How about the fansubs that translated "majuu" as "Demon", for the new enemies at the end of the anime series? Now there's a reason the official translation is "Wraith".
As noted on the Trivia page, Rebellion premiered in Japan on the same date as DokiDoki! Precure's Non-Serial Movie. A few months later, Doki Doki aired an episode revealing the show's villain originally made a selfish decision to save their loved one. Sound familiar?
It Gets Better: The first 30 minutes are rather generic Magical Girl fare, and can be seen as little more than Fanservice or Padding, but once the illusion starts to break down, the film kicks into full gear and doesn't let up.
Les Yay: It's a Puella Magi movie.

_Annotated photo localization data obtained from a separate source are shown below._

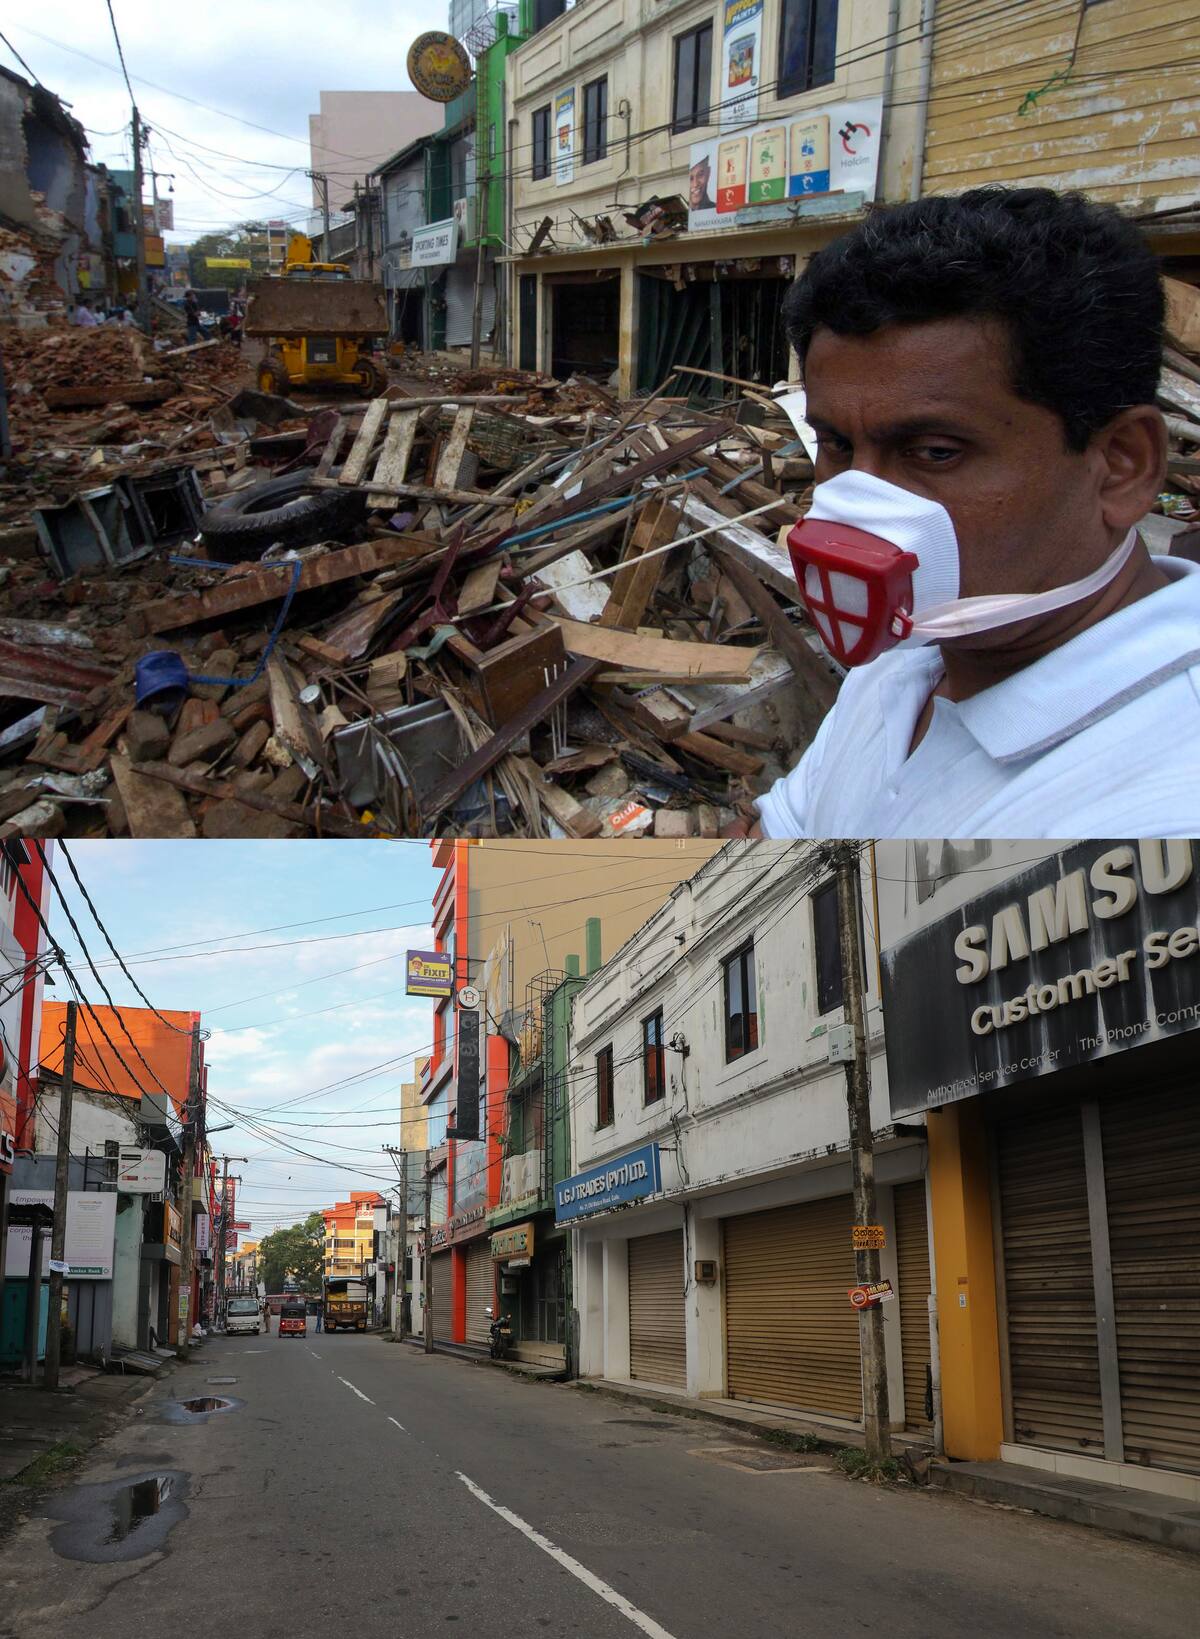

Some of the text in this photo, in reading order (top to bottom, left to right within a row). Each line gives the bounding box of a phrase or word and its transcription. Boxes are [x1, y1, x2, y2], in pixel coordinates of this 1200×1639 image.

[840, 155, 870, 169] Holcim
[954, 839, 1194, 985] SAMSU
[423, 968, 447, 978] FIXIT
[971, 949, 1137, 1035] Customer
[927, 1074, 977, 1098] Authorized
[978, 1062, 1018, 1083] Service
[1020, 1048, 1061, 1070] Center
[1079, 1032, 1104, 1052] The
[1107, 1019, 1151, 1043] Phone
[576, 1176, 606, 1199] TRADES
[606, 1164, 629, 1191] (PVT)

It would be more surprising if there wasn'tLes Yay enough for ten thousand doujins.
Whether it was for fanservice or not, the main two relationships (Homura/Madoka and Kyoko/Sayaka) got a lot more focus and attention to them than the anime (though the more minor and/or possible pairings, such as Mami/Madoka and Kyouko/Mami, got far less or no attention as a result), and we now have Nagisa as a new candidate for pairings—as well as a definite partner for Mami—and the addition of a new relationship, Mami/Nagisa. Here are the three main relationships explained a little more:
Homura and Madoka: The movie has made their relationship somewhat complicated, in comparison to the anime. While Homura's romantic feelings are basically confirmed by the movie, it is unknown if Madoka returns them, especially given the ending of the movie. Also, in the end where Homura hugs Madoka to stop her goddess powers awakening, depending on how you see it, it could look like Homura is grabbing Madoka's breast due the way her hand and Madoka is positioned.

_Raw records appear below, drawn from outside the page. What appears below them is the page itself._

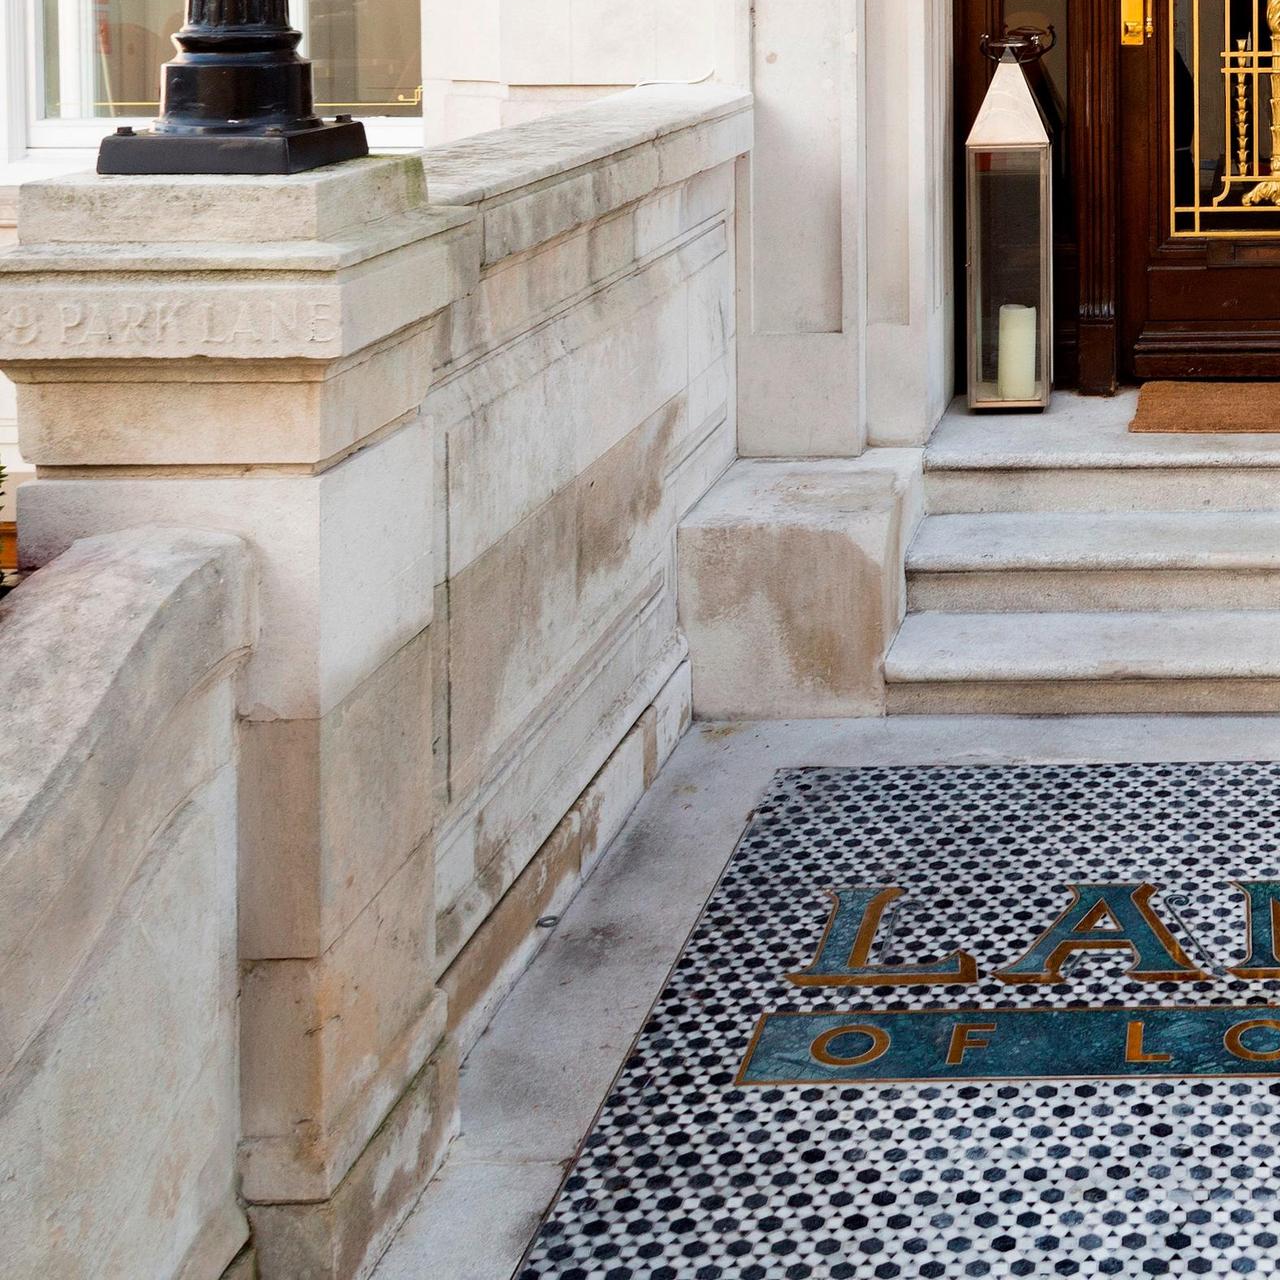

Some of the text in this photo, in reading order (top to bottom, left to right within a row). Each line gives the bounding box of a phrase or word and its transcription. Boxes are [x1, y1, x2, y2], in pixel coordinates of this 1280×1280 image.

[56, 302, 188, 345] PARK
[200, 301, 338, 344] LANE
[808, 1021, 997, 1067] OF
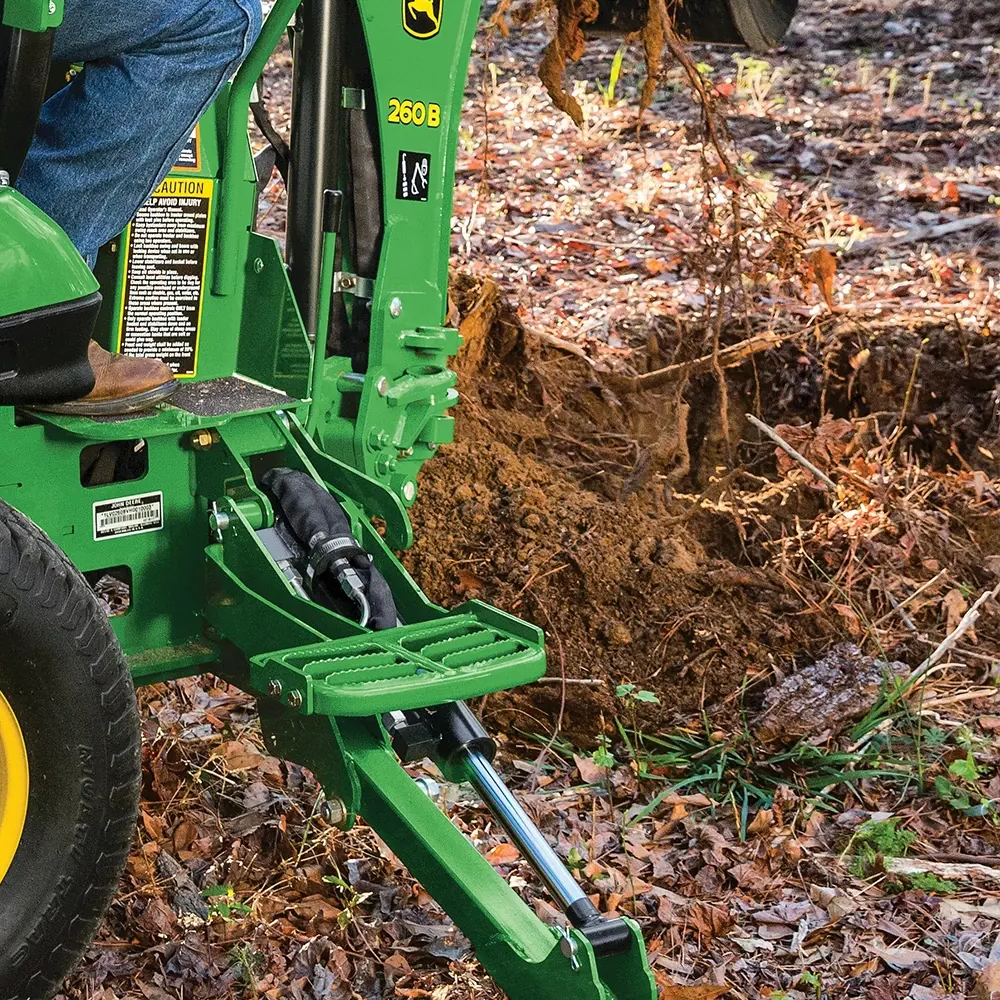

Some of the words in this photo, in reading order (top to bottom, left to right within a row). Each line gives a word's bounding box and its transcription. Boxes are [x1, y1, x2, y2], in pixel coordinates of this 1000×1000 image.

[144, 198, 158, 206] ELP
[159, 198, 178, 207] AVOID
[179, 198, 202, 207] INJURY
[111, 501, 125, 509] JOHN
[125, 498, 141, 506] DEERE

Kyoko and Sayaka: Like in the anime, Kyoko is most definitely implied to have romantic feelings for Sayaka - and these are basically confirmed by their scene together in the movie's climatic battle - and Sayaka says that her one regret was that she wasn't able to spend more time with Kyoko in their previous meetings. However, the movie changes up their relationship to be more friendly, unlike the anime where the two constantly fought over things: in the movie, there is a definite strong, mutual respect and friendship to their relationship now, and the two fight together as a duo team. It should also be noted that the two are living together in the same house now, which depending on how you look at it, may be either romantic subtext or not.
Mami and Nagisa: Though while uncertain if the relationship has any romantic subtext, they are most definitely very good friends. It is worth noting that Mami says at one point that if not for Nagisa's or more precisely, Bebe's friendship, she would have been lost a long time ago. Though while these feelings are actually fake ones created by Homura, there is the ending of the movie, where they are partners again, to consider. Their relationship also seems to have many similarities to the more minor Mami/Madoka from the anime, with Mami as a mentor and good friend to Madoka/Nagisa, and Nagisa and Madoka being rather similar in personality. It helps that Mami is often paired with Charlotte, Nagisa's Witch form even before the movie came out.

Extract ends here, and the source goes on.